Stored data entries:
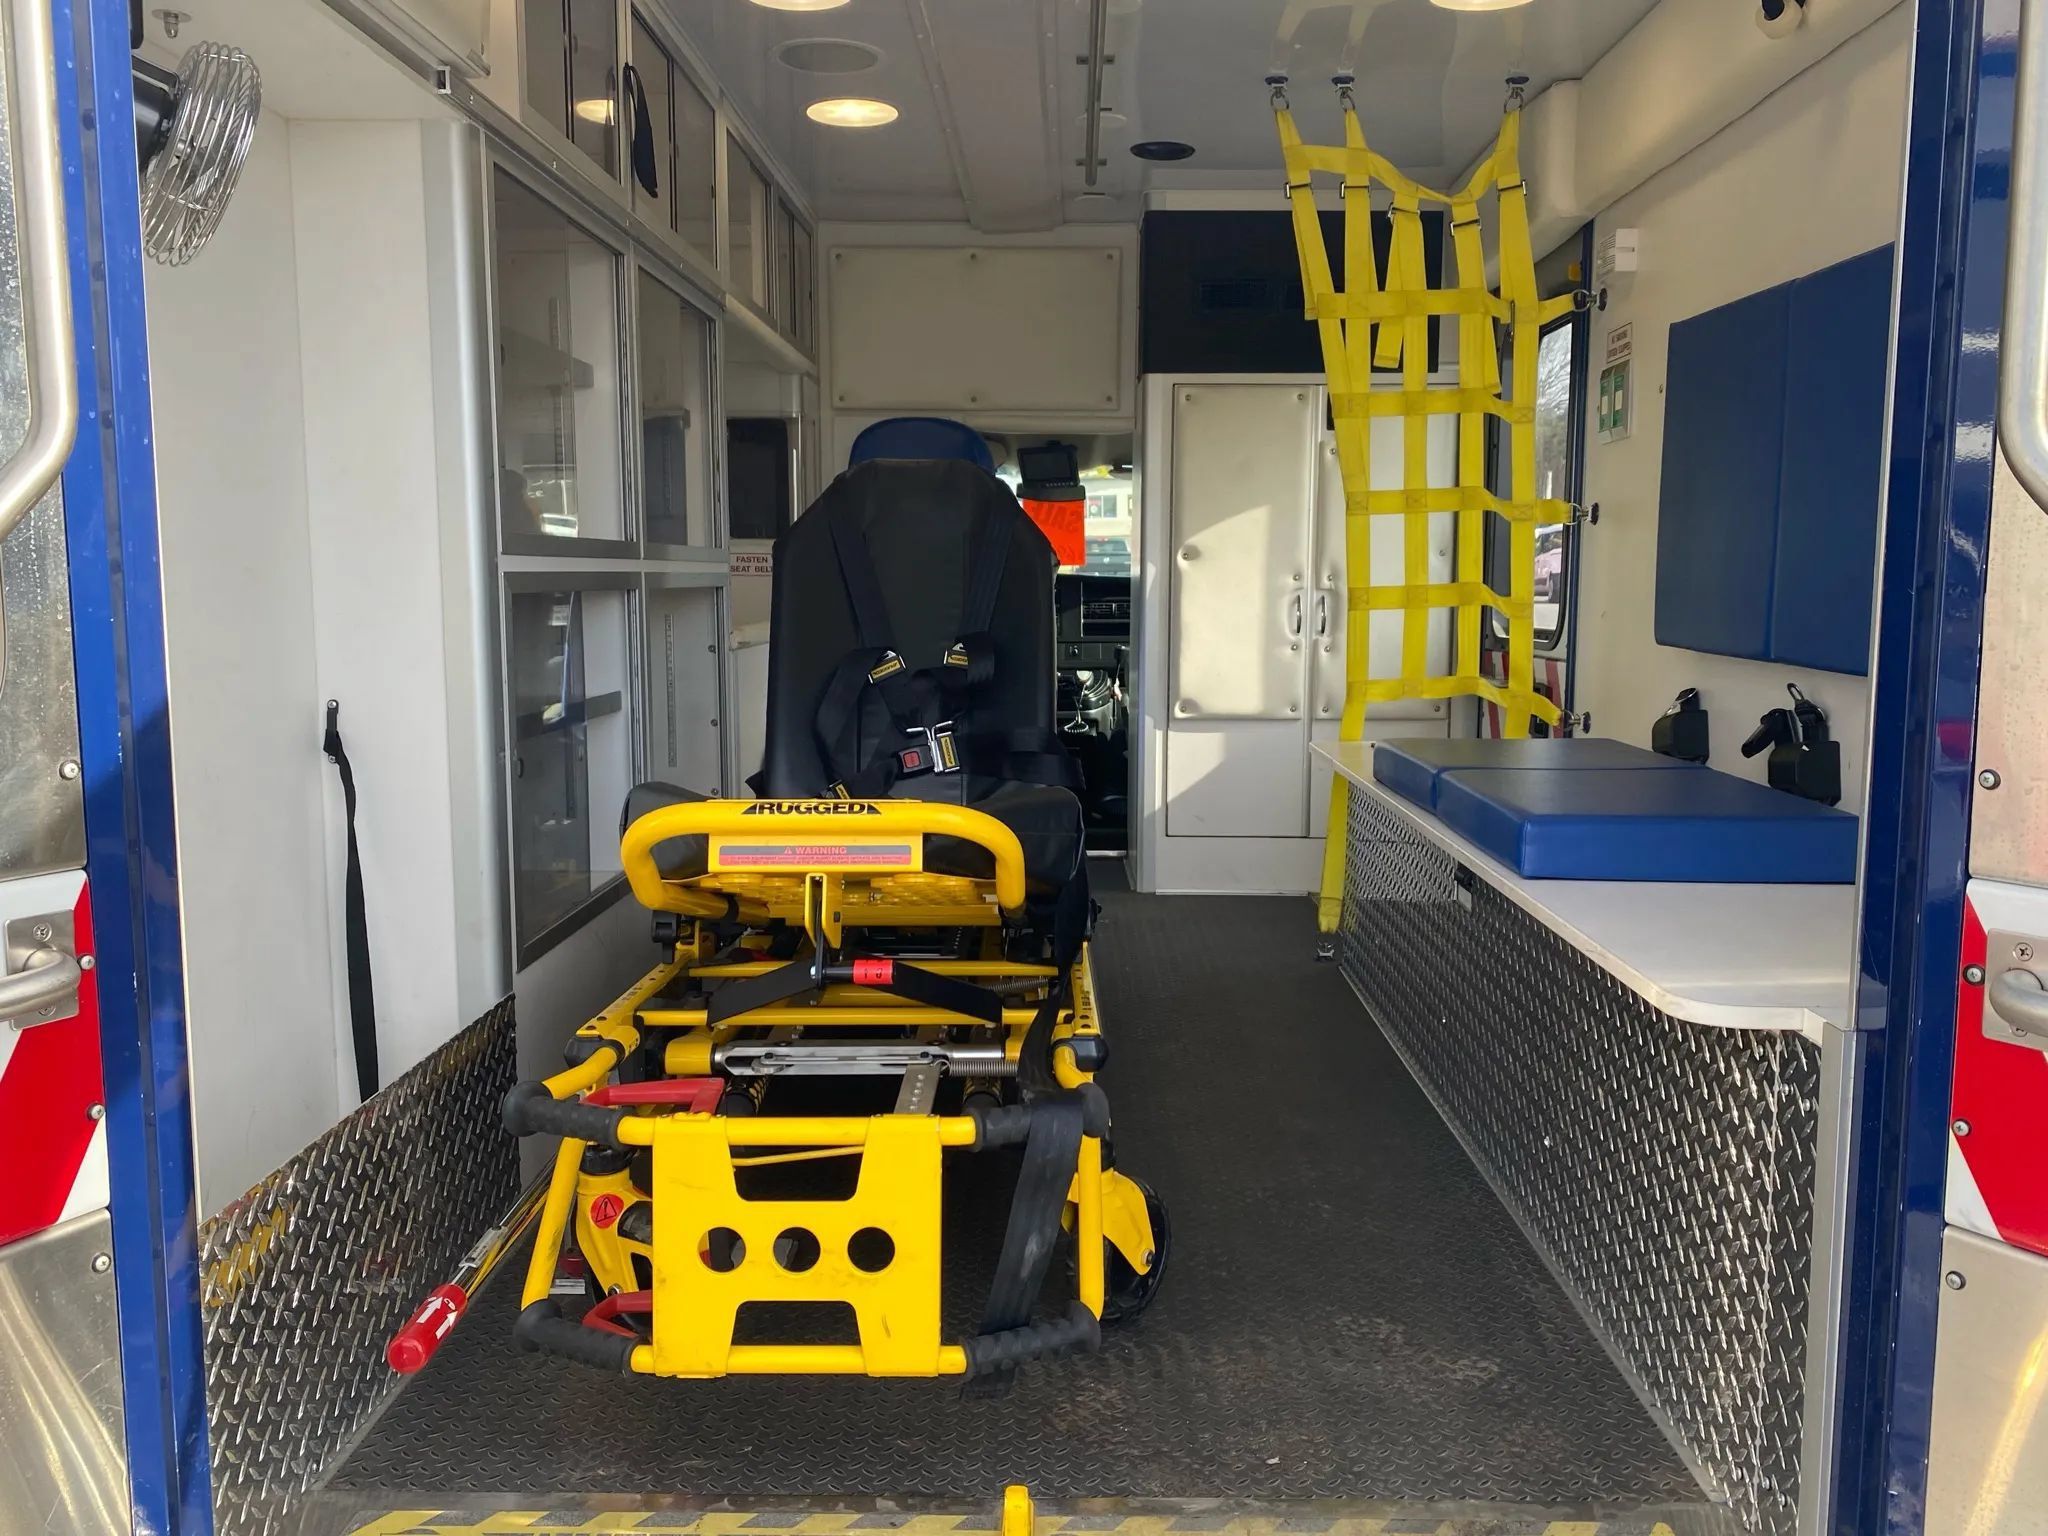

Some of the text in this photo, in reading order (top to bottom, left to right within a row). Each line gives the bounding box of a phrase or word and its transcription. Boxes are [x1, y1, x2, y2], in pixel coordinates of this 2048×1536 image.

[736, 555, 768, 564] FASTEN
[730, 565, 751, 573] SEAT
[759, 801, 867, 815] RUGGED
[795, 846, 848, 855] WARNING

Exercise prompt:
Output each line above exactly as it stands, omitting the pictures.

Answer area:
Some of the text in this photo, in reading order (top to bottom, left to right within a row). Each line gives the bounding box of a phrase or word and its transcription. Boxes are [x1, y1, x2, y2], in pixel coordinates of this 2048×1536 image.

[736, 555, 768, 564] FASTEN
[730, 565, 751, 573] SEAT
[759, 801, 867, 815] RUGGED
[795, 846, 848, 855] WARNING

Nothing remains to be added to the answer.